O governo federal designou Geraldo Alckmin para coordenar a resposta ao tarifaço imposto por Donald Trump aos produtos brasileiros. A decisão, além de técnica, busca aproximar o Planalto do empresariado paulista, fortemente impactado pela medida.
Alckmin, ex-governador de São Paulo e atual ministro do Desenvolvimento, lidera negociações com setores da indústria e do agronegócio, articulando encontros para debater as reações à política tarifária dos EUA.
Coordenação estratégica de Alckmin
O papel de Alckmin na coordenação da resposta ao tarifaço dos EUA foi definido como técnico, mas também carrega um objetivo político: entregar a negociação a um ex-governador paulista, estado mais afetado pela decisão de Donald Trump. A escolha visa ainda aproximar o governo federal do empresariado de São Paulo, setor diretamente impactado pelas novas tarifas.
Alckmin, que também é ministro do Desenvolvimento, Indústria, Comércio e Serviços, possui trânsito entre os principais setores da economia nacional prejudicados pela medida, especialmente a indústria e o agronegócio.
Reuniões com setores produtivos
Segundo ministros presentes em reunião com Lula no Palácio da Alvorada no domingo (13), o governo federal programou dois encontros para terça-feira (15): um com empresários da indústria e outro com representantes do agronegócio, para debater estratégias de reação às tarifas dos EUA.

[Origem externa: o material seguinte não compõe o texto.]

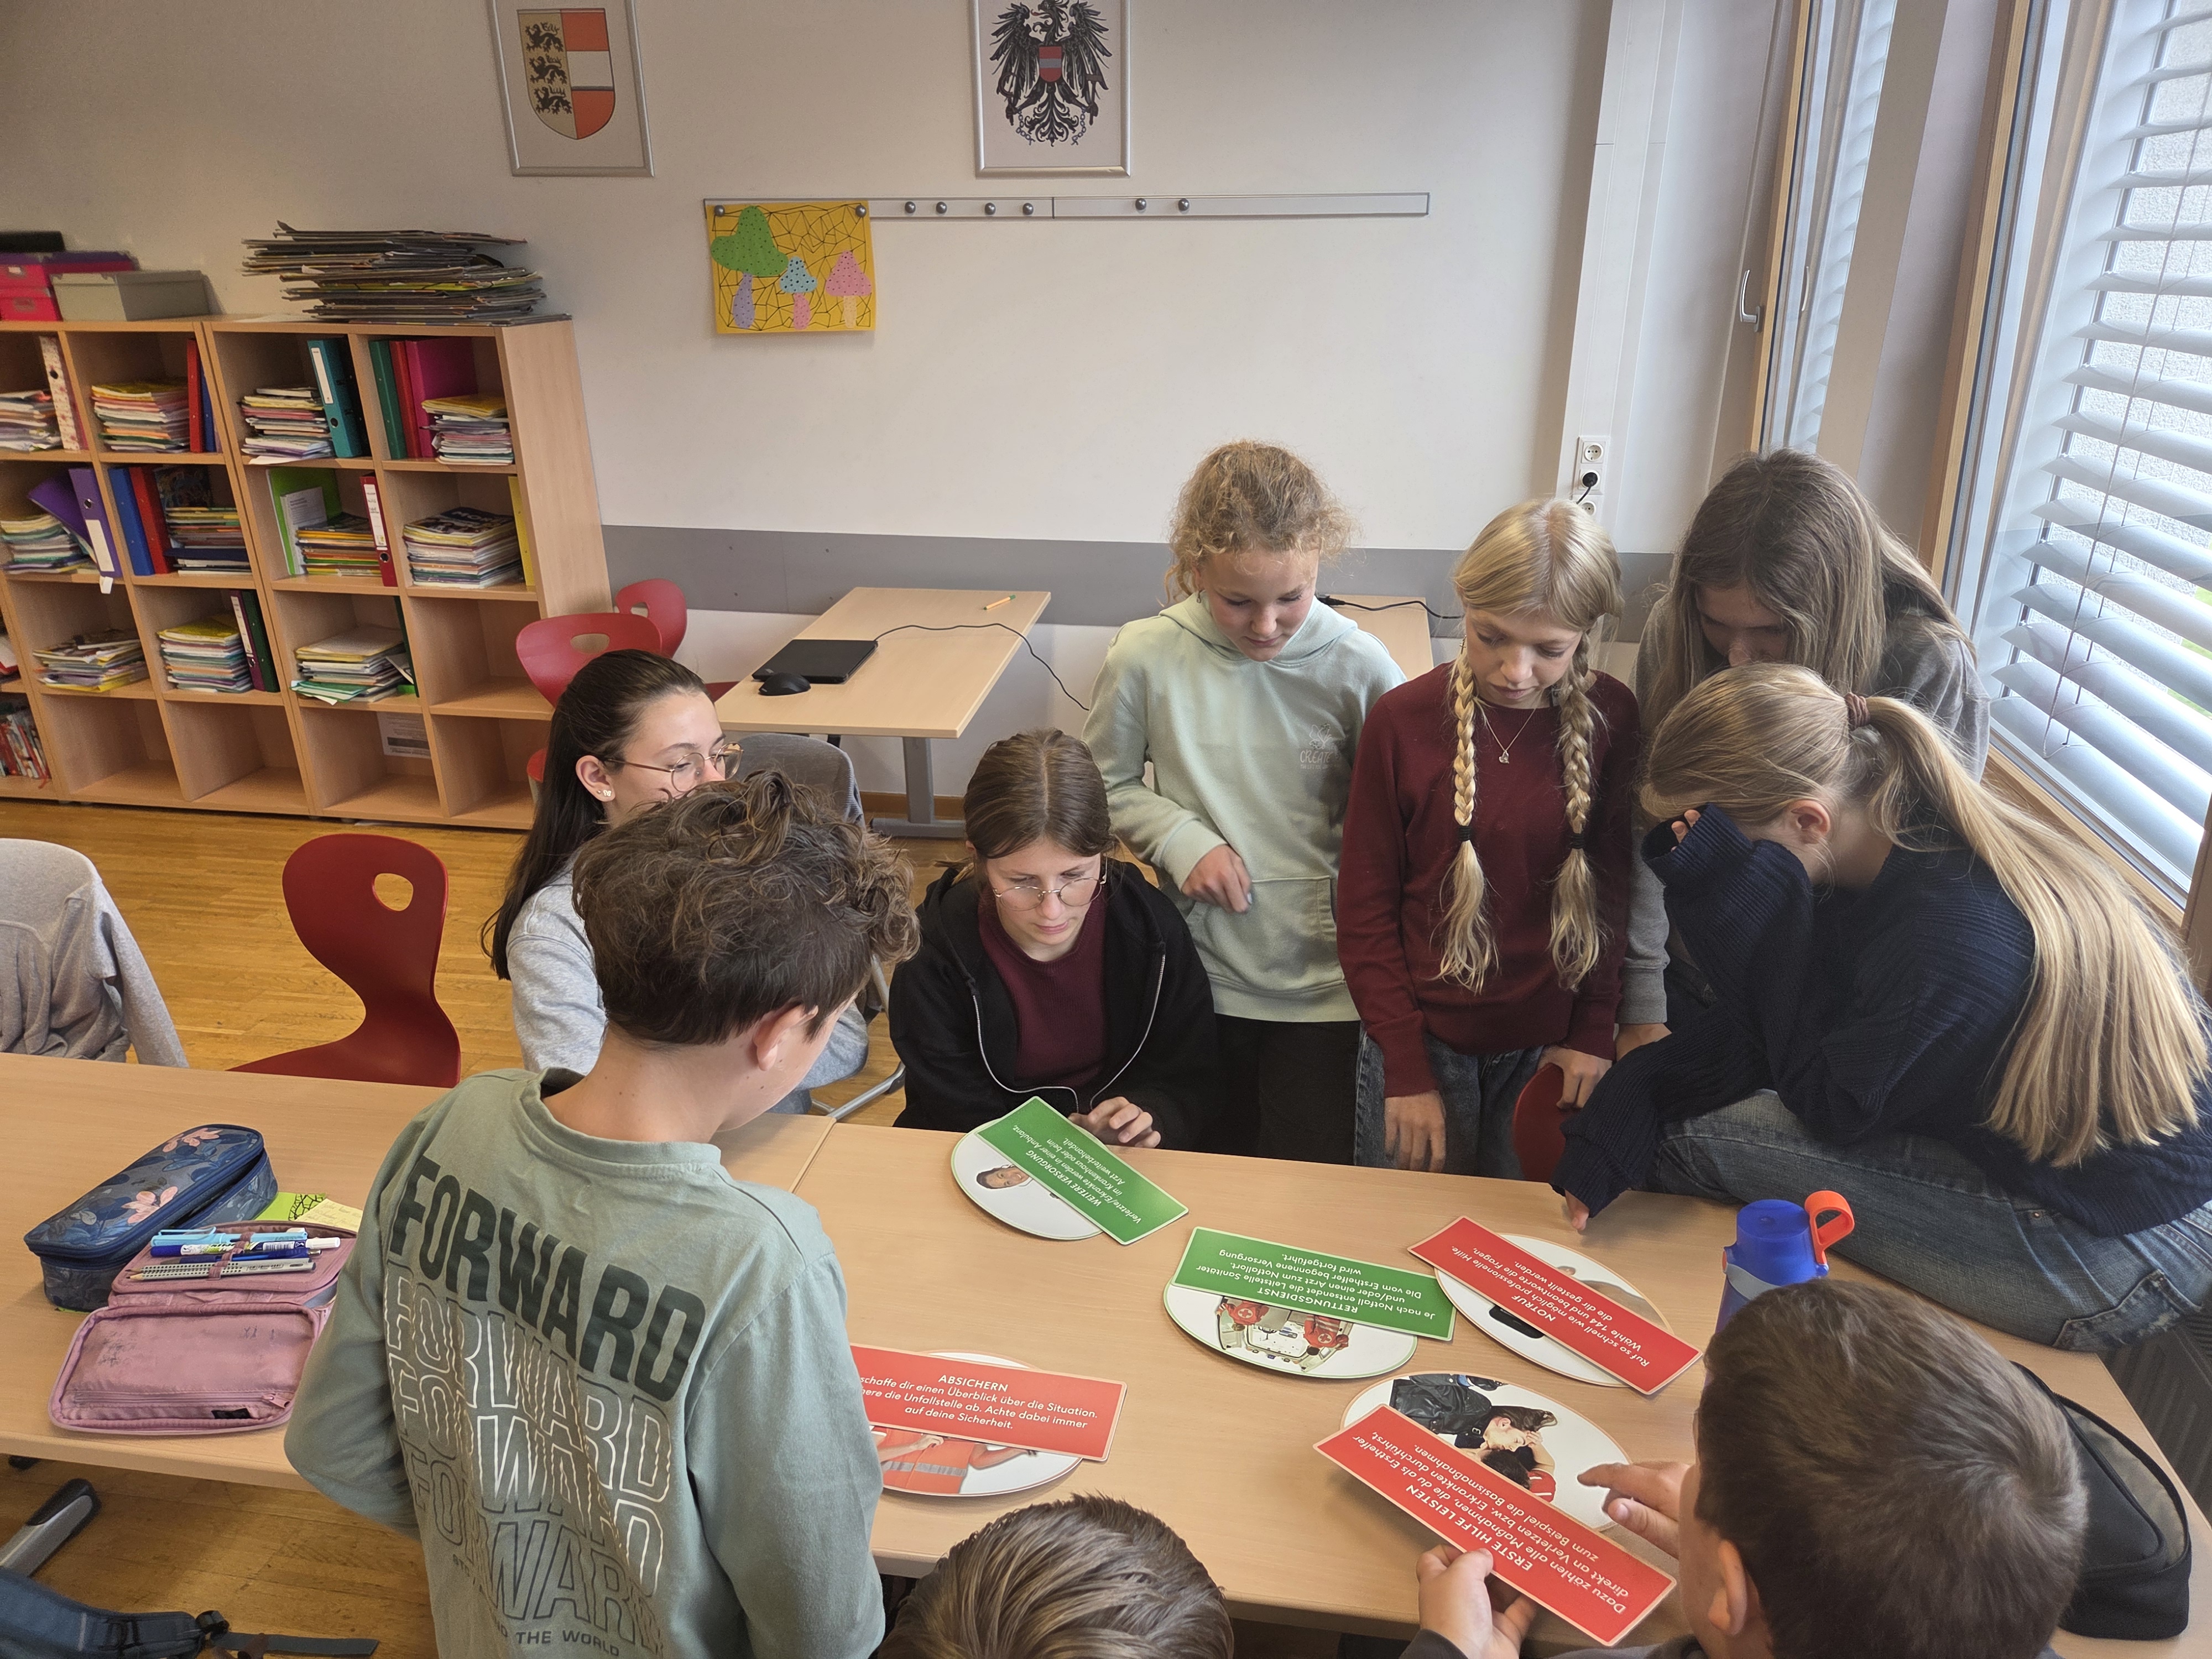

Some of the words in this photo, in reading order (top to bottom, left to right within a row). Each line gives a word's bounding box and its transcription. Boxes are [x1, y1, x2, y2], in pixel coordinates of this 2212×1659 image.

[1300, 749, 1333, 764] CREATE
[1012, 1124, 1043, 1149] Ambulanz,
[1046, 1138, 1063, 1153] beim
[1038, 1146, 1057, 1160] einer
[1054, 1157, 1063, 1165] in
[1060, 1150, 1077, 1162] oder
[1062, 1137, 1112, 1176] weiterbehandelt.
[1025, 1149, 1073, 1186] VERSORGUNG
[1060, 1162, 1084, 1181] werden
[1074, 1160, 1115, 1191] Krankenhaus
[1109, 1173, 1126, 1186] Arzt
[1069, 1182, 1102, 1207] WEITERE
[1082, 1178, 1142, 1224] Verletzte/Erkrankte
[1112, 1187, 1123, 1197] im
[1218, 1249, 1273, 1269] Versorgung
[1281, 1253, 1337, 1272] fortgeführt.
[1451, 1245, 1473, 1262] Hilfe.
[1473, 1247, 1504, 1270] Fragen,
[389, 1155, 706, 1402] FORWARD
[1195, 1265, 1242, 1281] Sanitäter
[1229, 1262, 1280, 1280] Notfallort.
[1275, 1262, 1331, 1281] begonnene
[1281, 1272, 1303, 1282] zum
[1338, 1265, 1362, 1276] wird
[1472, 1259, 1533, 1296] professionelle
[1503, 1266, 1519, 1277] die
[1514, 1261, 1548, 1284] werden.
[1243, 1274, 1287, 1290] Leitstelle
[1288, 1284, 1305, 1293] die
[1304, 1277, 1327, 1288] Arzt
[1328, 1282, 1356, 1293] einen
[1331, 1274, 1380, 1291] Ersthelfer
[1381, 1284, 1404, 1294] vom
[1256, 1286, 1359, 1314] RETTUNGSDIENST
[1306, 1287, 1356, 1302] entsendet
[1356, 1288, 1406, 1303] und/oder
[1405, 1288, 1422, 1300] Die
[1518, 1275, 1571, 1310] beantworte
[1547, 1281, 1584, 1303] gestellt
[1357, 1297, 1394, 1312] Notfall
[1396, 1306, 1422, 1316] nach
[1510, 1295, 1557, 1322] NOTRUF
[1531, 1293, 1568, 1317] möglich
[1568, 1306, 1590, 1319] und
[1580, 1302, 1597, 1312] dir
[1423, 1311, 1436, 1321] Je
[1567, 1315, 1585, 1328] wie
[1589, 1317, 1608, 1332] 144
[1597, 1310, 1613, 1321] die
[1583, 1326, 1620, 1348] schnell
[1610, 1329, 1642, 1353] Wähle
[1619, 1346, 1632, 1355] so
[1629, 1353, 1651, 1368] Ruf
[937, 1374, 1009, 1393] ABSICHERN
[860, 1375, 898, 1388] schaffe
[898, 1380, 916, 1390] dir
[915, 1384, 945, 1395] einen
[947, 1386, 998, 1403] Überblick
[999, 1395, 1026, 1407] über
[1026, 1399, 1045, 1410] die
[1046, 1402, 1098, 1419] Situation.
[884, 1390, 902, 1401] die
[903, 1392, 963, 1410] Unfallstelle
[964, 1402, 983, 1413] ab.
[984, 1405, 1016, 1418] Achte
[1018, 1410, 1051, 1423] dabei
[1052, 1416, 1088, 1429] immer
[904, 1406, 926, 1415] auf
[924, 1407, 956, 1420] deine
[956, 1412, 1014, 1430] Sicherheit.
[1352, 1436, 1401, 1469] Ersthelfer
[1371, 1431, 1430, 1472] durchführst,
[1400, 1465, 1418, 1478] als
[1413, 1444, 1506, 1507] Basismaßnahmen.
[1416, 1477, 1433, 1488] du
[1430, 1470, 1489, 1511] Erkrankten
[1405, 1484, 1457, 1520] LEISTEN
[1432, 1486, 1452, 1500] die
[1490, 1507, 1517, 1530] bzw.
[1506, 1503, 1525, 1517] die
[1453, 1498, 1525, 1550] Maßnahmen,
[1454, 1516, 1493, 1545] HILFE
[1522, 1515, 1571, 1547] Beispiel
[1490, 1540, 1533, 1572] ERSTE
[1525, 1546, 1548, 1563] alle
[1571, 1542, 1599, 1562] zum
[1549, 1561, 1592, 1590] zählen
[1572, 1559, 1590, 1573] an
[1590, 1571, 1629, 1597] direkt
[1591, 1587, 1627, 1614] Dazu
[516, 1630, 552, 1645] THE
[562, 1629, 619, 1657] WORLD
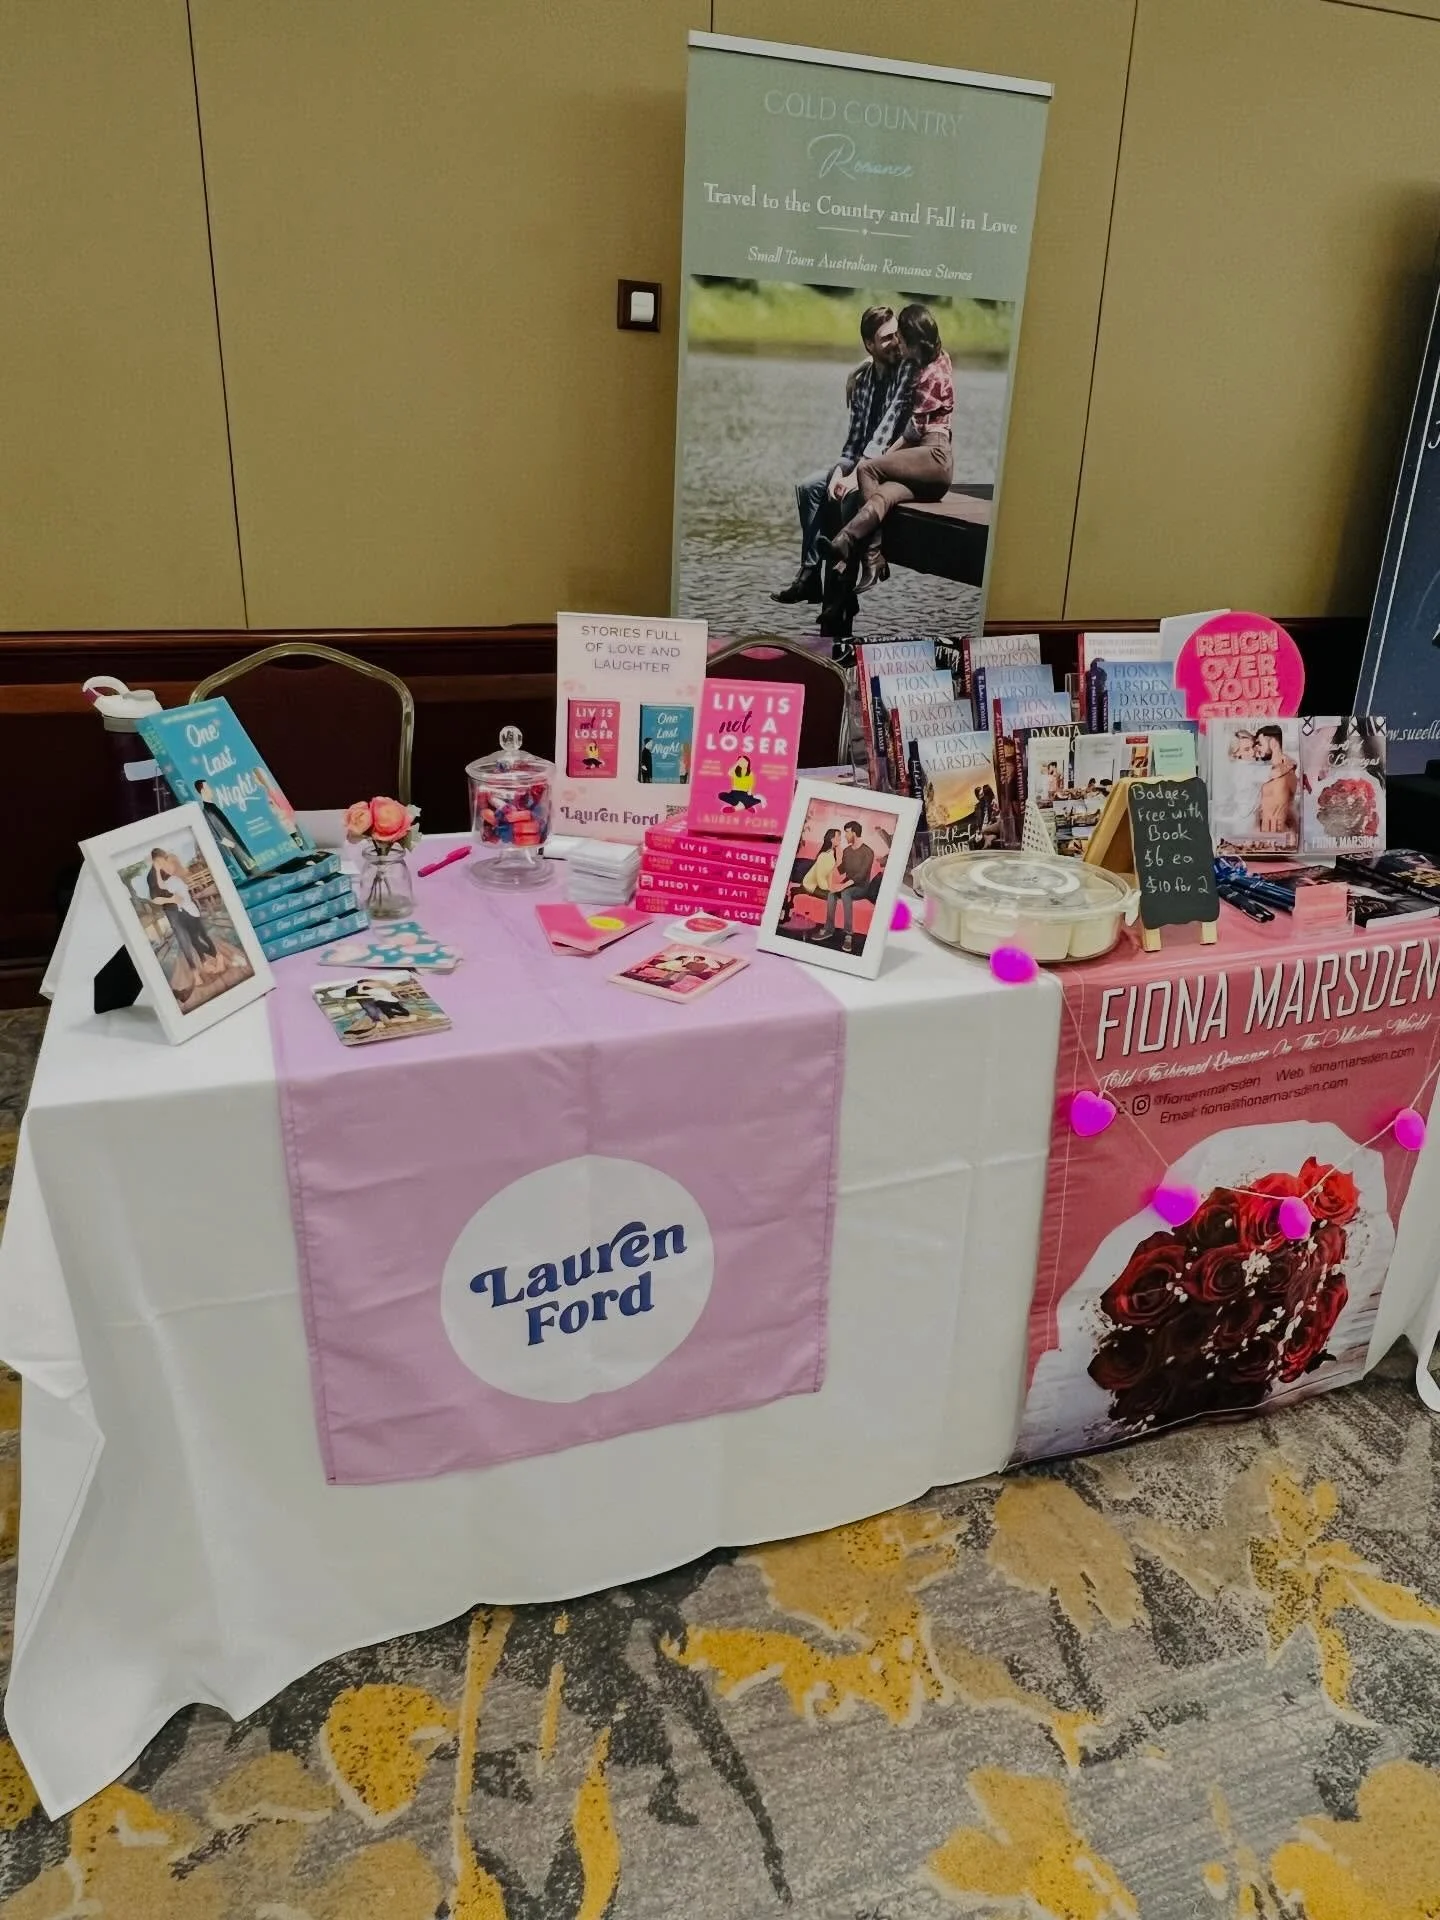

O Planalto também planeja reuniões com setores que importam produtos norte-americanos, antecipando possíveis consequências da aplicação da Lei da Reciprocidade Econômica, cuja regulamentação deve ser publicada na mesma data.
Repercussão política e eleitoral
Além do impacto econômico, a escolha de Alckmin tem desdobramentos políticos importantes. O vice-presidente serve como contraponto ao governador paulista Tarcísio Gomes de Freitas, conhecido pelo apoio a Trump após a eleição do republicano nos EUA.
Alckmin já vinha conduzindo negociações sobre tarifas com empresários desde o início do ano, consolidando sua posição como articulador entre governo federal e setores produtivos.
Projeções para 2025
Nos bastidores, o nome de Alckmin é visto como trunfo eleitoral para as eleições de 2025 em São Paulo, seja para o governo estadual ou para o Senado Federal, embora haja preferência dele por permanecer na chapa presidencial.